*MATERIAL FOR THIS EXERCISE*
***

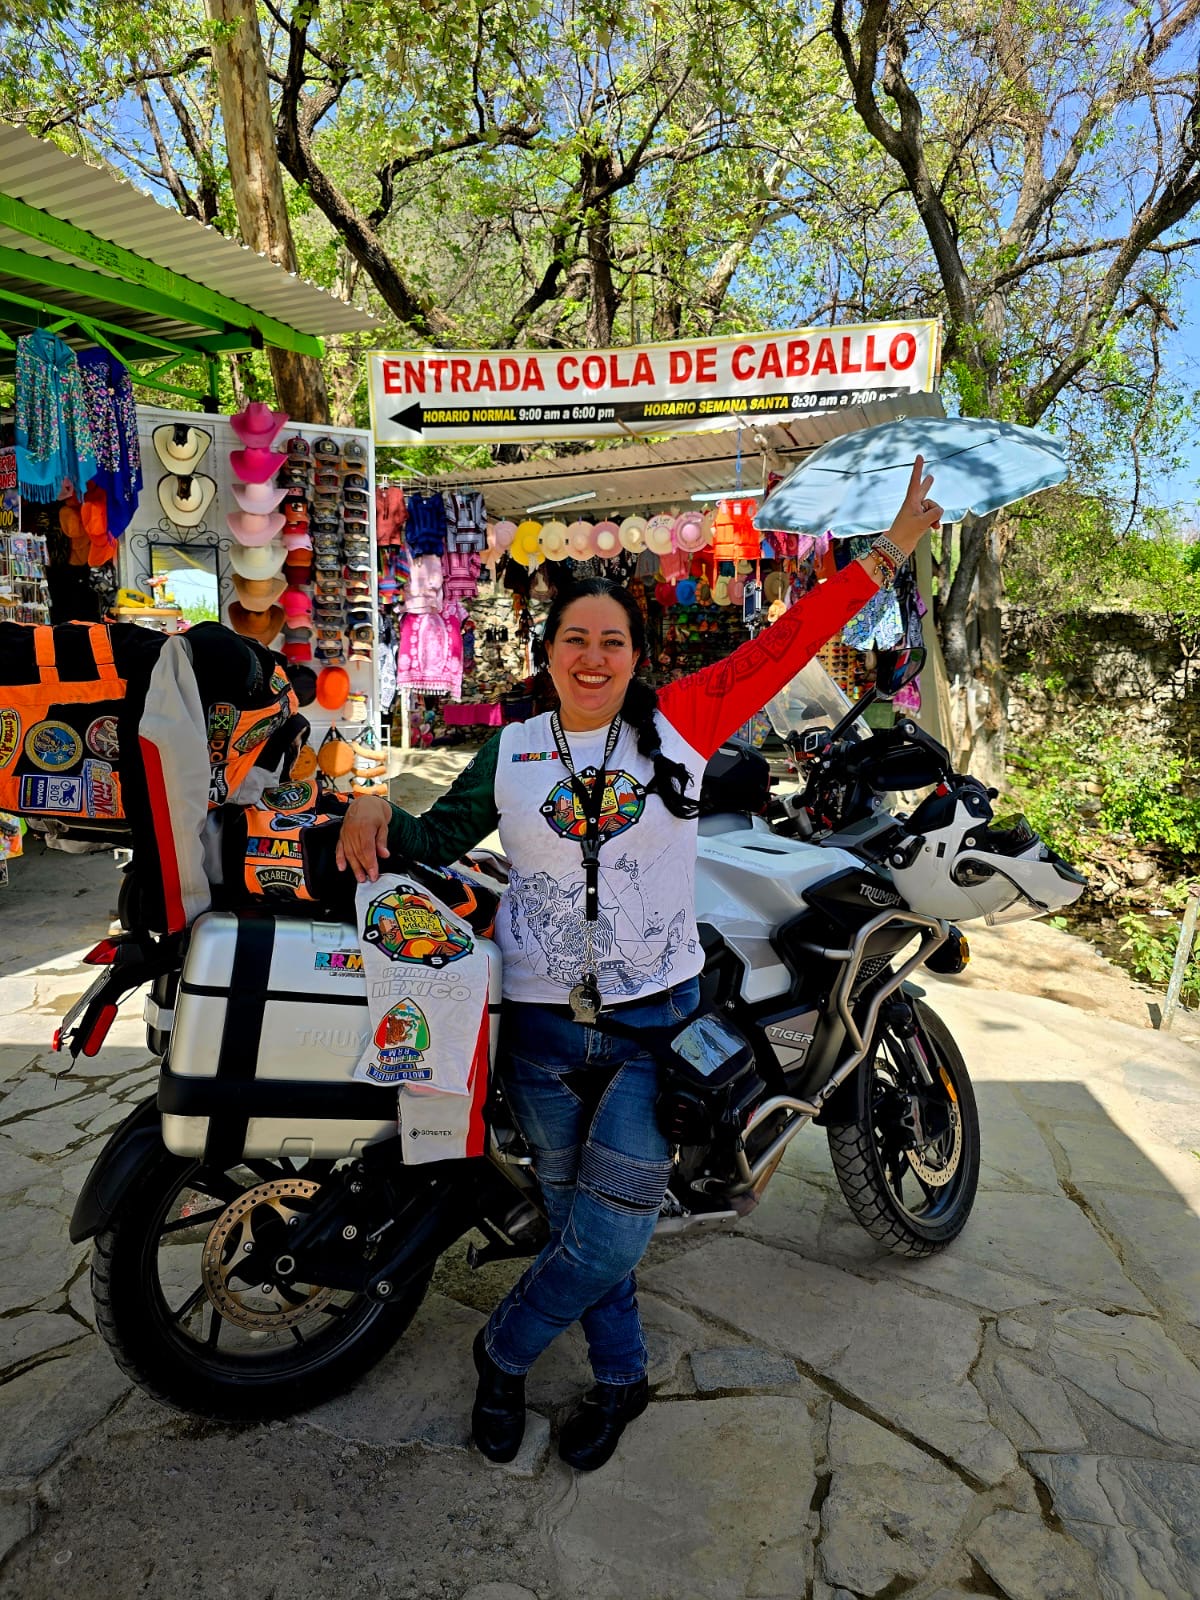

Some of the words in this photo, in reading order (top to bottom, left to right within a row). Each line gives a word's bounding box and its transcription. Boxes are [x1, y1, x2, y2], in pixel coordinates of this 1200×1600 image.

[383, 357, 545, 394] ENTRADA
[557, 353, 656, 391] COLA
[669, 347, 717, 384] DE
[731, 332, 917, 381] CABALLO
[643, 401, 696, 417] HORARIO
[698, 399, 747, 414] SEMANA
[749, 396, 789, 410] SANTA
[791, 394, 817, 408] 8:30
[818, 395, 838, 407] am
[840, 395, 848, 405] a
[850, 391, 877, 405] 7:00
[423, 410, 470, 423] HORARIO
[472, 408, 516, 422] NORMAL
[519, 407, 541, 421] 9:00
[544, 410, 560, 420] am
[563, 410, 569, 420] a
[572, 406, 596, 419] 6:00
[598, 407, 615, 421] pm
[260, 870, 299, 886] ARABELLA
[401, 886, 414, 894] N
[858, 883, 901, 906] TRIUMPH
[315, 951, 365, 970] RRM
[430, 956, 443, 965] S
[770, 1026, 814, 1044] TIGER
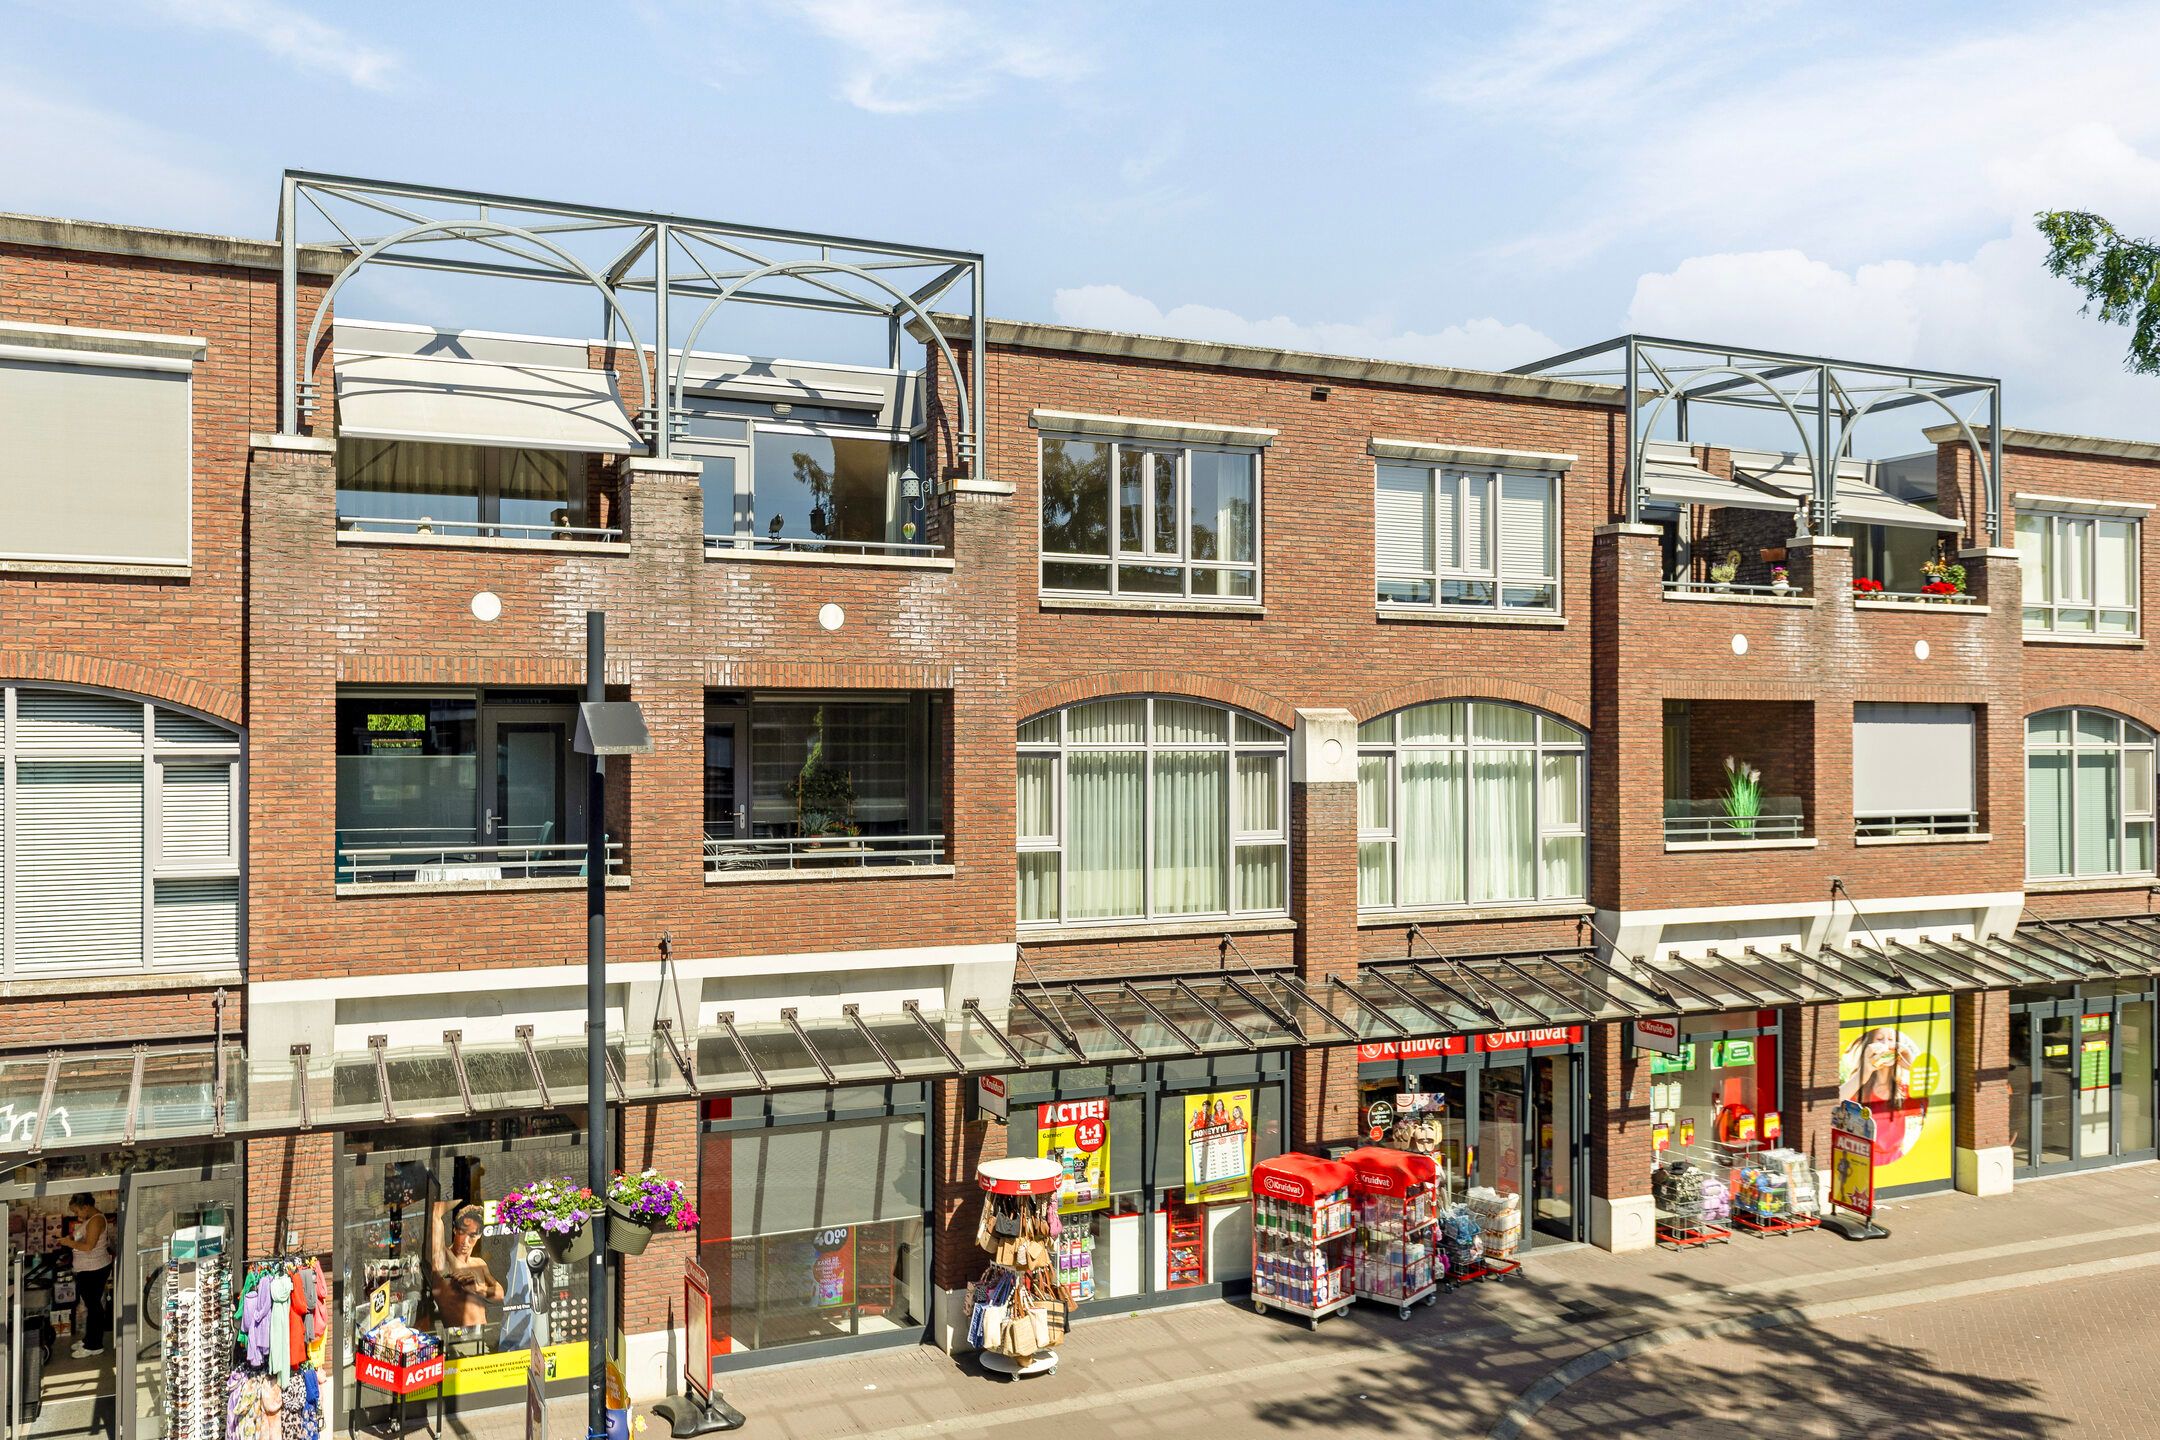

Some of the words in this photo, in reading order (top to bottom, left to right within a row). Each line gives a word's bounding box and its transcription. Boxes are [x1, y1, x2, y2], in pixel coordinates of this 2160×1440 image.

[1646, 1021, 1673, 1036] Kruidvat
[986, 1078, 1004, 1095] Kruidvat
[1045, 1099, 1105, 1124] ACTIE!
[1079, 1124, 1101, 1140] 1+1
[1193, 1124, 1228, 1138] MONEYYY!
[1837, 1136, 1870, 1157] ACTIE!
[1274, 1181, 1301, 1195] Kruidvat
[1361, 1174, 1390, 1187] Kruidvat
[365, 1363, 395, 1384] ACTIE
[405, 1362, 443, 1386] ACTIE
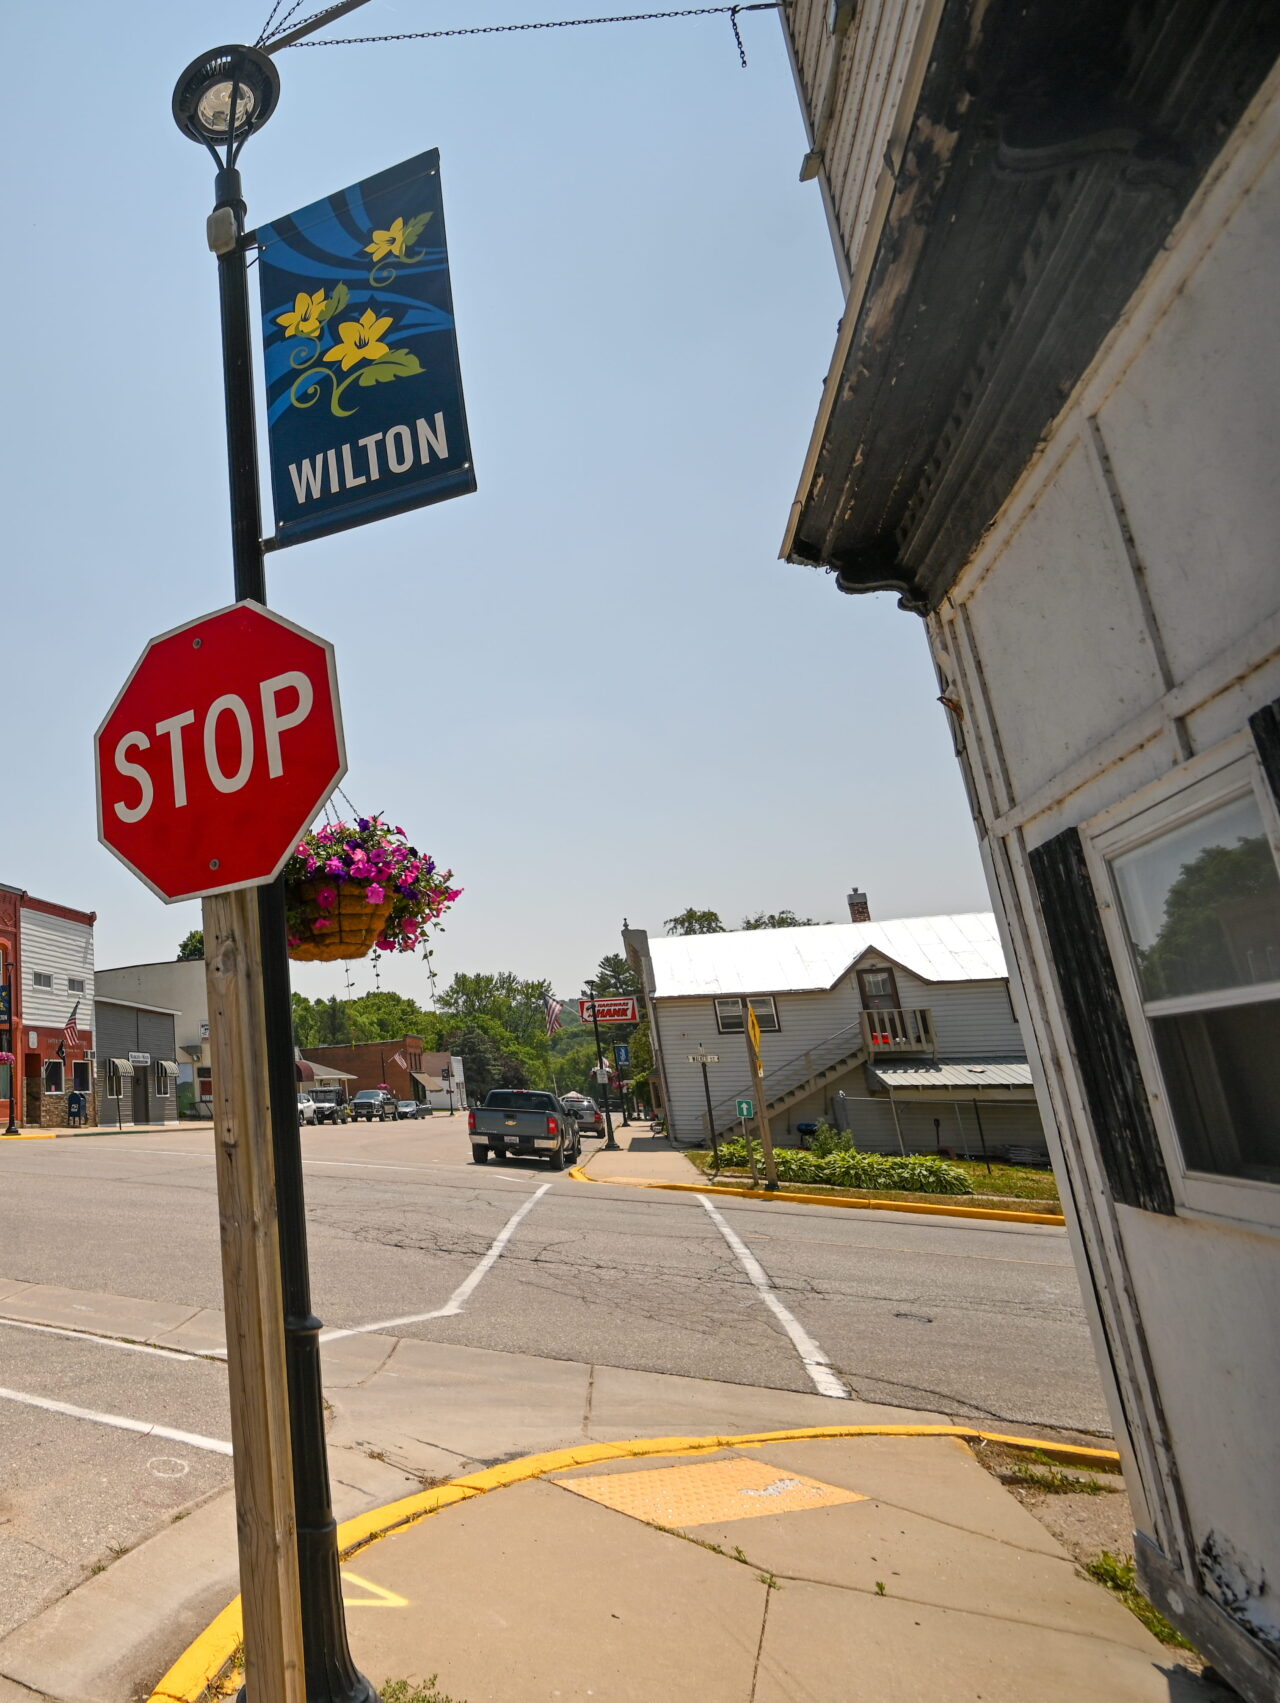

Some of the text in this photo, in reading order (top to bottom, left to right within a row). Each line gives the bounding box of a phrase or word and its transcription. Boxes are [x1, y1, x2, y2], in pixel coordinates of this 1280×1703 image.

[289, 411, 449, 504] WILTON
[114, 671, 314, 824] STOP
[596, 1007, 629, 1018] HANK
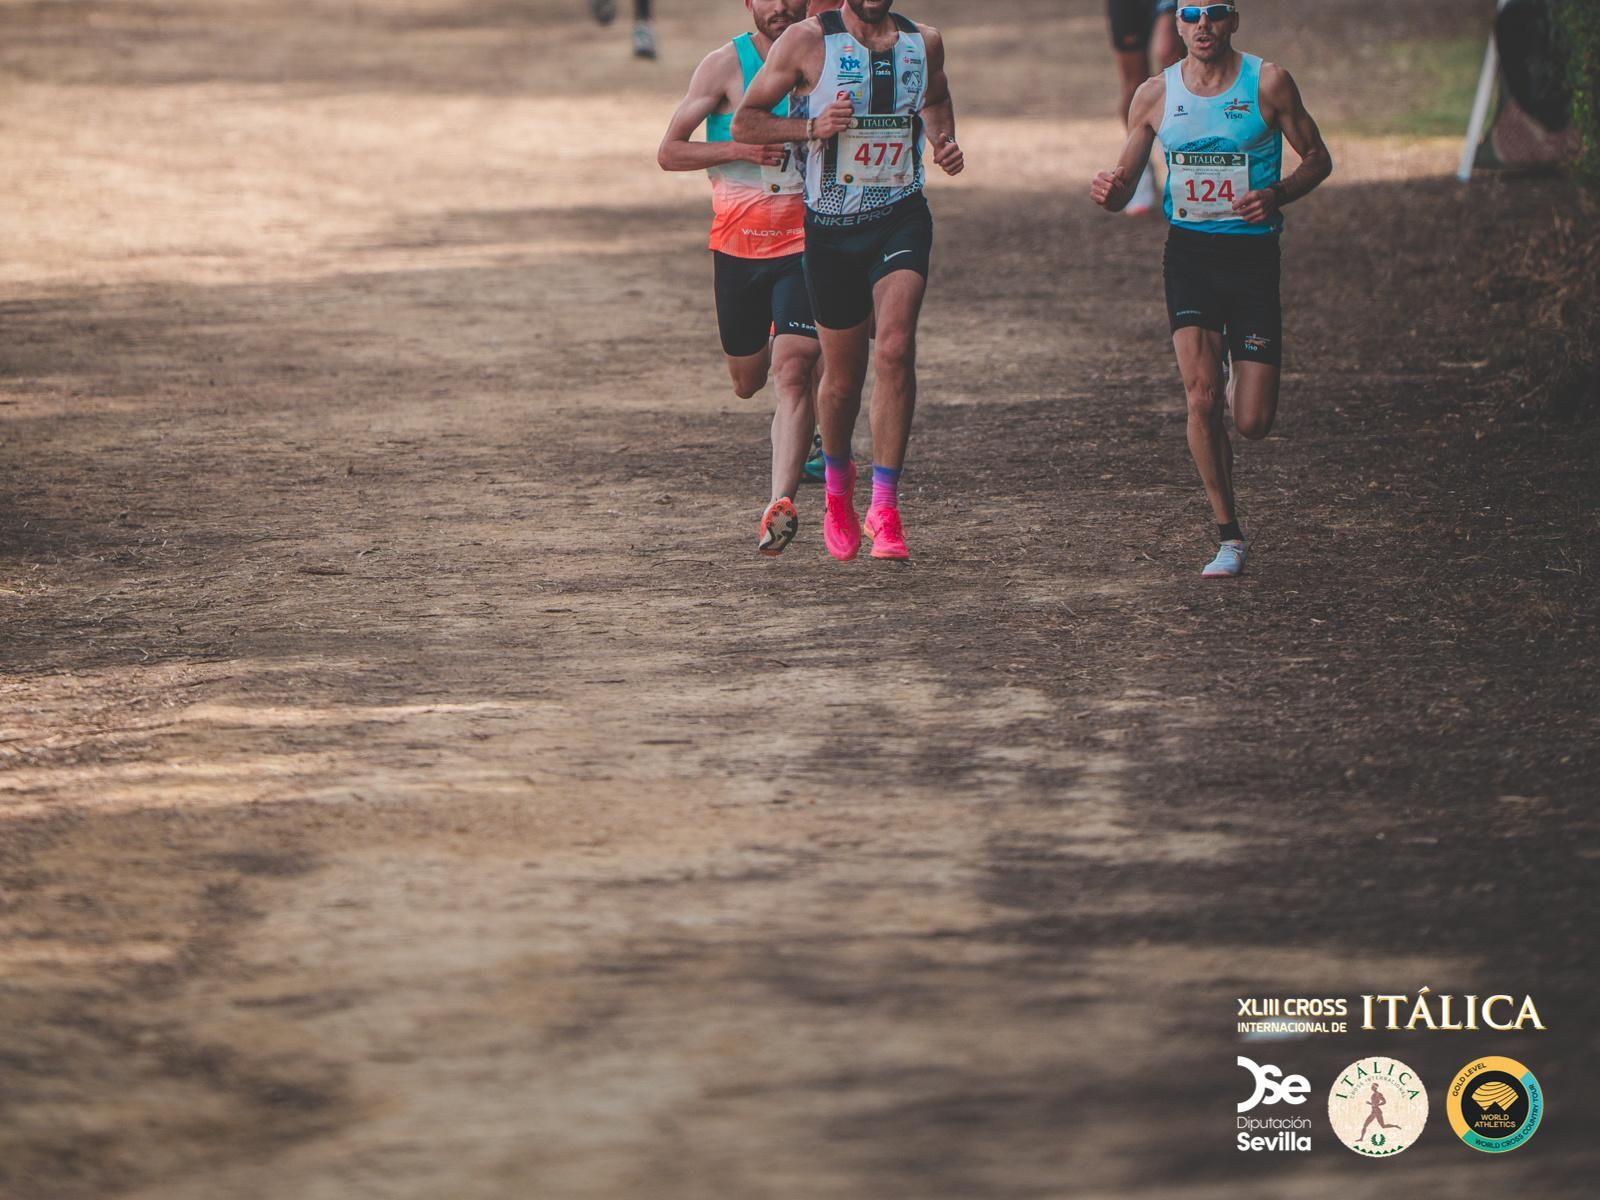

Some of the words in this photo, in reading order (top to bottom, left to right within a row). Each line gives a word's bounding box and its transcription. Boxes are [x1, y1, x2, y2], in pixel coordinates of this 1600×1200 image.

***

*WHAT THE EXERCISE ASKS*
Please give the entries again word for word, without any pictures.

*ANSWER TO THIS EXERCISE*
Some of the words in this photo, in reading order (top to bottom, left to right within a row). Each line gives a word's bounding box and its transcription. Boxes are [x1, y1, x2, y2], in pixel coordinates of this 1200×1600 image.

[383, 357, 545, 394] ENTRADA
[557, 353, 656, 391] COLA
[669, 347, 717, 384] DE
[731, 332, 917, 381] CABALLO
[643, 401, 696, 417] HORARIO
[698, 399, 747, 414] SEMANA
[749, 396, 789, 410] SANTA
[791, 394, 817, 408] 8:30
[818, 395, 838, 407] am
[840, 395, 848, 405] a
[850, 391, 877, 405] 7:00
[423, 410, 470, 423] HORARIO
[472, 408, 516, 422] NORMAL
[519, 407, 541, 421] 9:00
[544, 410, 560, 420] am
[563, 410, 569, 420] a
[572, 406, 596, 419] 6:00
[598, 407, 615, 421] pm
[260, 870, 299, 886] ARABELLA
[401, 886, 414, 894] N
[858, 883, 901, 906] TRIUMPH
[315, 951, 365, 970] RRM
[430, 956, 443, 965] S
[770, 1026, 814, 1044] TIGER

Some of the words in this photo, in reading order (top to bottom, left to right within a row). Each line gives a word's bounding box and its transcription. Boxes are [x1, y1, x2, y2], in pixel coordinates of this 2160×1440 image.

[1646, 1021, 1673, 1036] Kruidvat
[986, 1078, 1004, 1095] Kruidvat
[1045, 1099, 1105, 1124] ACTIE!
[1079, 1124, 1101, 1140] 1+1
[1193, 1124, 1228, 1138] MONEYYY!
[1837, 1136, 1870, 1157] ACTIE!
[1274, 1181, 1301, 1195] Kruidvat
[1361, 1174, 1390, 1187] Kruidvat
[365, 1363, 395, 1384] ACTIE
[405, 1362, 443, 1386] ACTIE

Some of the text in this photo, in reading order (top to bottom, left to right within a row). Each line gives the bounding box of a phrase or word and its transcription. Boxes are [x1, y1, x2, y2], in pixel coordinates of this 1280×1703 image.

[289, 411, 449, 504] WILTON
[114, 671, 314, 824] STOP
[596, 1007, 629, 1018] HANK

Some of the words in this photo, in reading order (top to bottom, left to right within a row). Each line gives a word's bounding box and its transcription. Boxes are [x1, y1, x2, y2], in pixel coordinates of this 1600×1200 image.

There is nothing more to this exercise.